As Long as Grass Grows
- Front cover
- Author: Dina Gilio-Whitaker
- Subject: Environmental justice and Native Americans in the United States
- Publisher: Beacon Press
- Publication date: April 2, 2019
- Pages: 224
- ISBN: 978-080707378-0

= As Long as Grass Grows =

2019 book by Dina Gilio-Whitaker

As Long as Grass Grows: The Indigenous Fight for Environmental Justice, from Colonization to Standing Rock is a 2019 non-fiction book by Dina Gilio-Whitaker. The author details the history of Native Americans in the United States since European colonization, including criticisms of the modern conservation movement as exclusionary to indigenous concepts of land and environmental stewardship, and coverage of the 2010s Dakota Access Pipeline protests at Standing Rock.

==Background==
Dina Gilio-Whitaker (Colville Confederated Tribes direct descendant) was lecturing in American Indian Studies at California State University San Marcos at the time of the book's publication. It was Gilio-Whitaker's second book, after her co-authorship of "All the Real Indians Died Off" and 20 Other Myths About Native Americans (2016) with Roxanne Dunbar-Ortiz. As Long as Grass Grows was published by Beacon Press on April 2, 2019.

==Synopsis==
The book gives a history of Native Americans in the United States from European colonization to the modern day, with the topic of the environment in focus. The European invasion that began in 1492 led to the deaths of 99% of Native Americans from diseases brought to the land, wars and starvation, including through forced displacements like the Trail of Tears. Many American settlers believed in "manifest destiny"—that they had a moral duty to colonize across the Americas—and they enforced concepts of land ownership and usage that were at odds with Native American culture.
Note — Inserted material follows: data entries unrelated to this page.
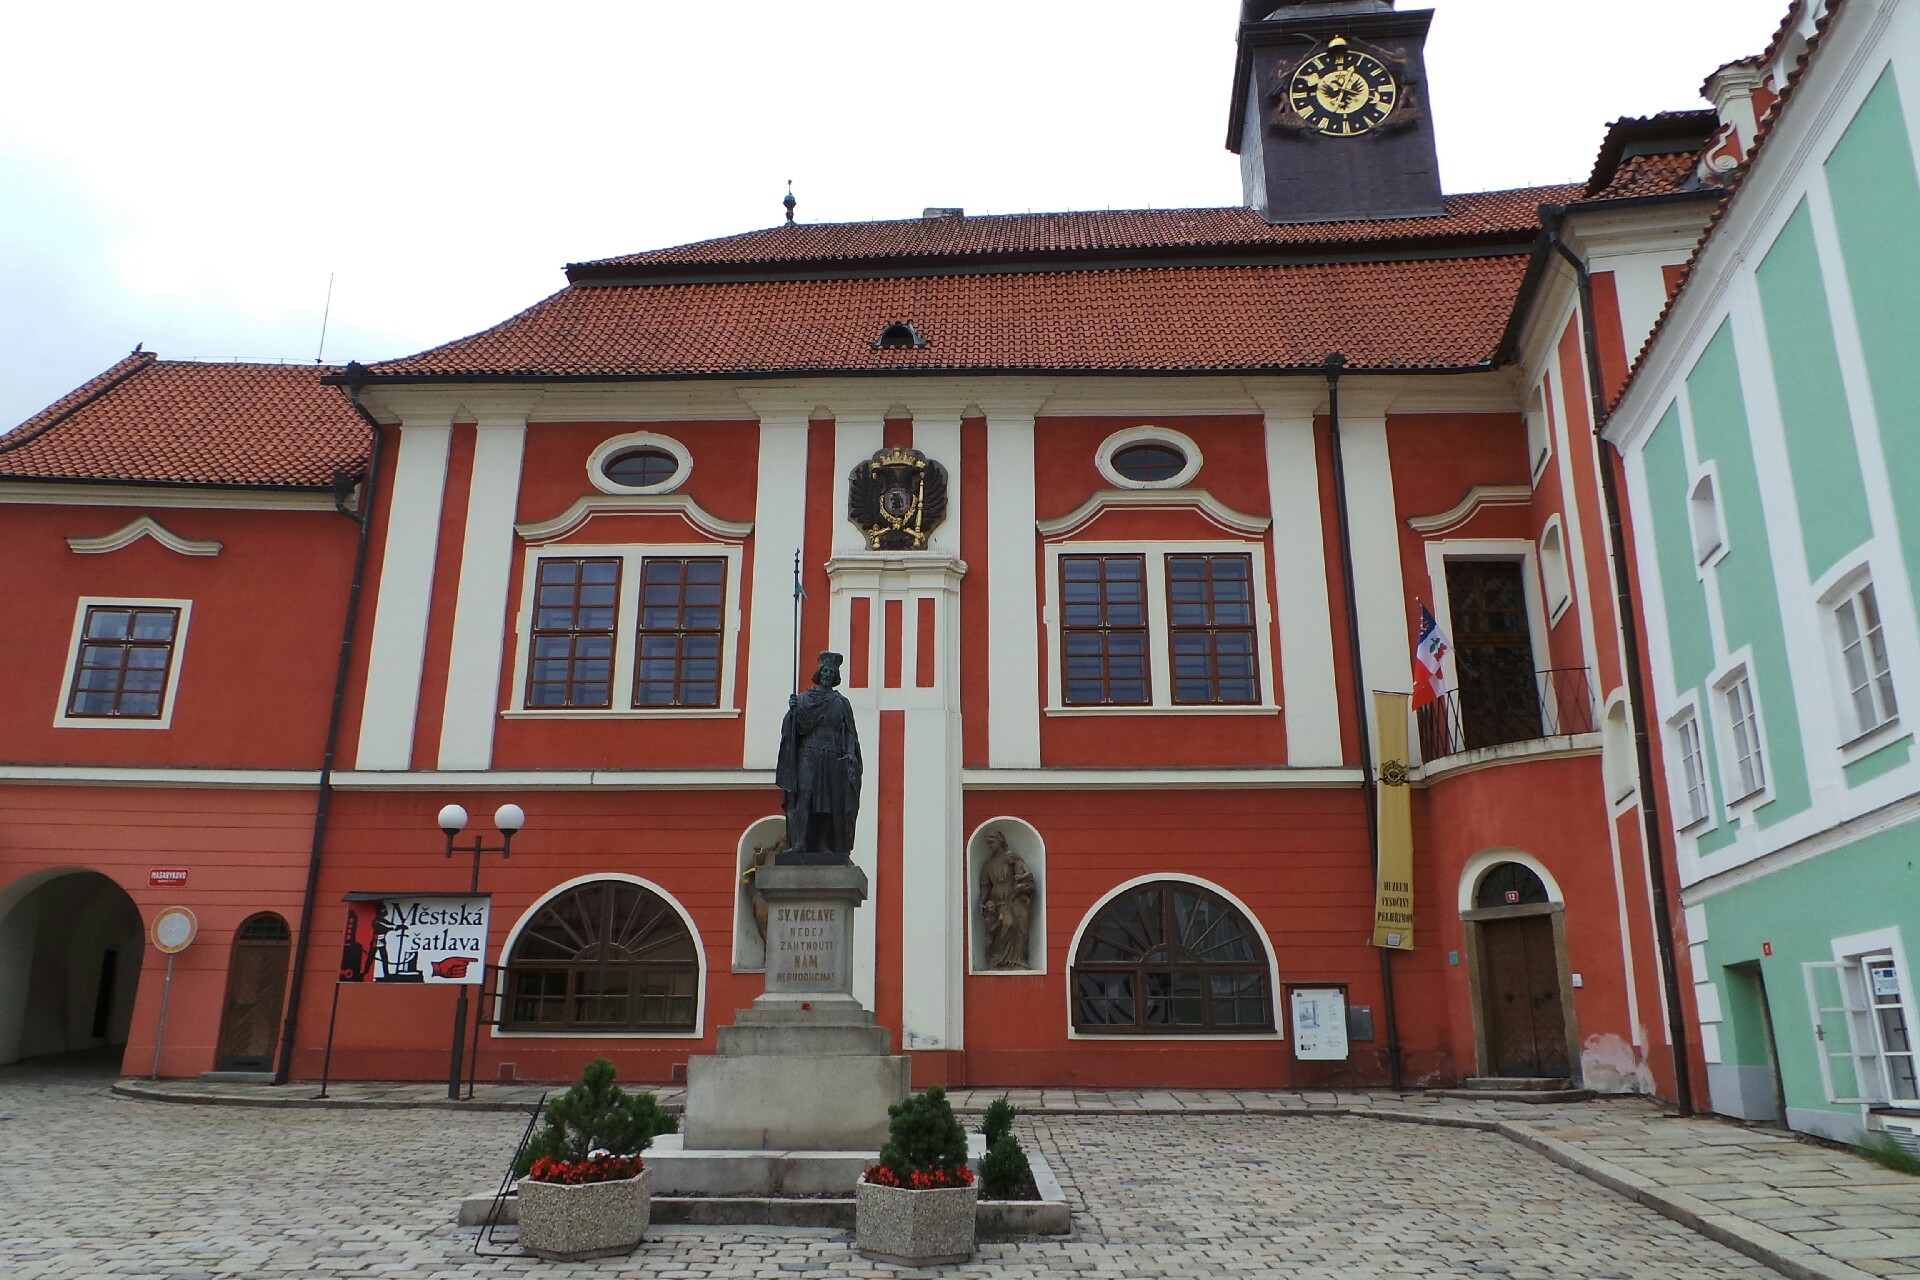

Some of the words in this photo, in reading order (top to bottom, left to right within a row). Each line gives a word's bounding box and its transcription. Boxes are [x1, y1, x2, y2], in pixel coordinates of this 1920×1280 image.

[1383, 881, 1409, 893] MUZEUM
[390, 902, 484, 926] Městská
[790, 927, 823, 937] NEDEJ
[410, 928, 480, 951] šatlava
[780, 941, 833, 951] ZAHYNOUTI
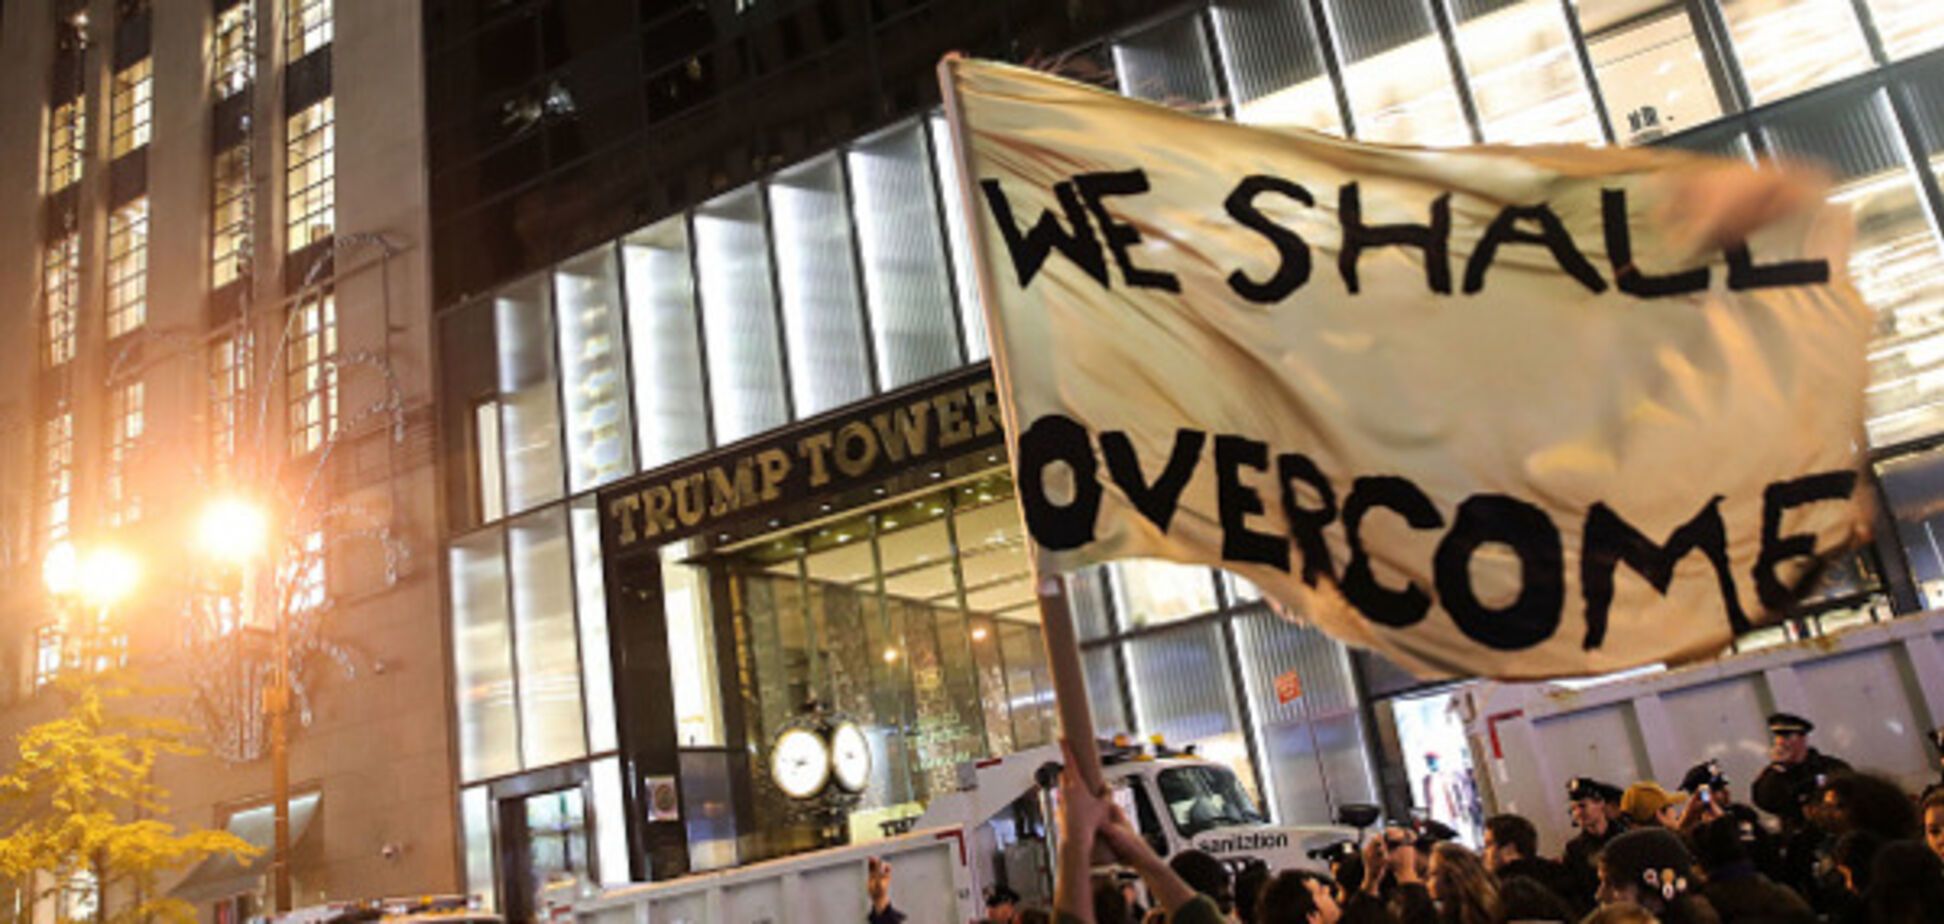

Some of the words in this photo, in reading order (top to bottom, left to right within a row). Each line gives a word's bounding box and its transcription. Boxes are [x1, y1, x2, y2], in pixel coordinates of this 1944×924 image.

[980, 168, 1181, 294] WE
[1224, 174, 1830, 304] SHALL
[610, 449, 791, 546] TRUMP
[797, 381, 1002, 487] TOWER
[1018, 414, 1858, 651] OVERCOME
[1199, 831, 1288, 854] sanitation
Gilio-Whitaker contends that in the modern era, the American legal system prevents indigenous Americans from self-organization and governance in areas like environmental stewardship, economics and social justice. She criticizes the views of Henry David Thoreau and John Muir on Native Americans, and that the conservation movement which arose from their ideology saw the wilderness as a place that indigenous people needed to be excluded from; meanwhile, toxic waste was disposed of in locations where it would harm communities of color. By establishing national parks in places like Yosemite, the native stewards of the area were excluded from it.
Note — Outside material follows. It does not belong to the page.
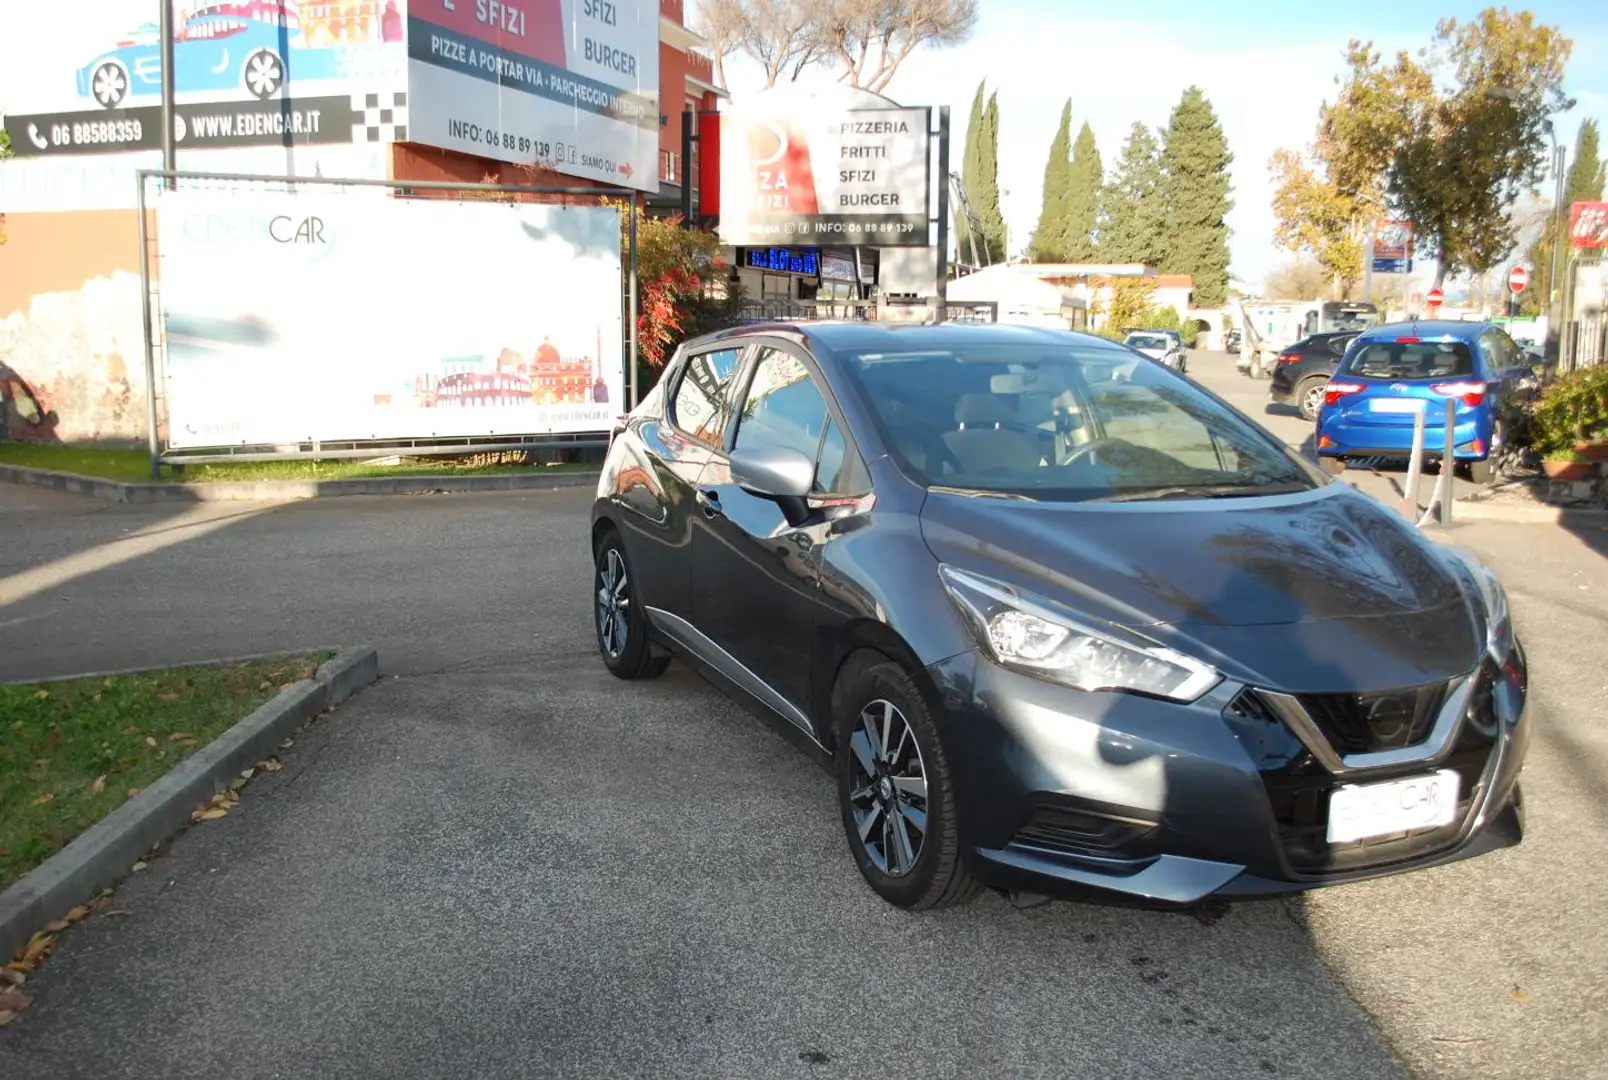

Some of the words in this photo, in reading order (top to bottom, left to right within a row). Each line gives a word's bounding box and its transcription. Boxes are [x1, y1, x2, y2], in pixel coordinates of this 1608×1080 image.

The book covers concepts of gender among Native American groups, some of whom had matrilineal power structures and different conceptions of gender identity and the role of family to settlers. Early feminists would be inspired by the Iroquois confederacy's Clan Mother roles. However, the imposition of Christianity erased many of these values.

Gilio-Whitaker explores the Dakota Access Pipeline protests at Standing Rock in 2016 and 2017, where an oil pipeline was approved to pass through sacred ground. Construction was completed, despite the protests and anticipated threats to the region's water and environment. Using the United Nations's Declaration on the Rights of Indigenous Peoples and state and local approaches in California, Gilio-Whitaker argues that federal laws like the American Indian Religious Freedom Act should be extended to protect sites of cultural significance to Native Americans, such as Panhe for the Acjachemen people. She advocates decolonization and community organizing.

==Reception==
The New York Public Library and BuzzFeed News both suggested the book as recommended reading for the 2020 United States elections on the subject of climate change. The Michigan Daily named it as one of 10 defining books of 2020: Trina Pal wrote for the publication that it is "a must-read for anyone hoping to understand the history and rights of Indigenous tribes" and a "wonderful and necessary start" to learning about environmental justice and how to participate in it. Pal saw it as complementing existing literature by indigenous authors like Braiding Sweetgrass (2013). Alexandra Tempus of The Progressive praised the book as "accessible", saying that Gilio-Whitaker "roots her arguments in indigenous wisdom" and writing that "there is no more urgent prescription for America" than the suggestions she outlines at the end of the book.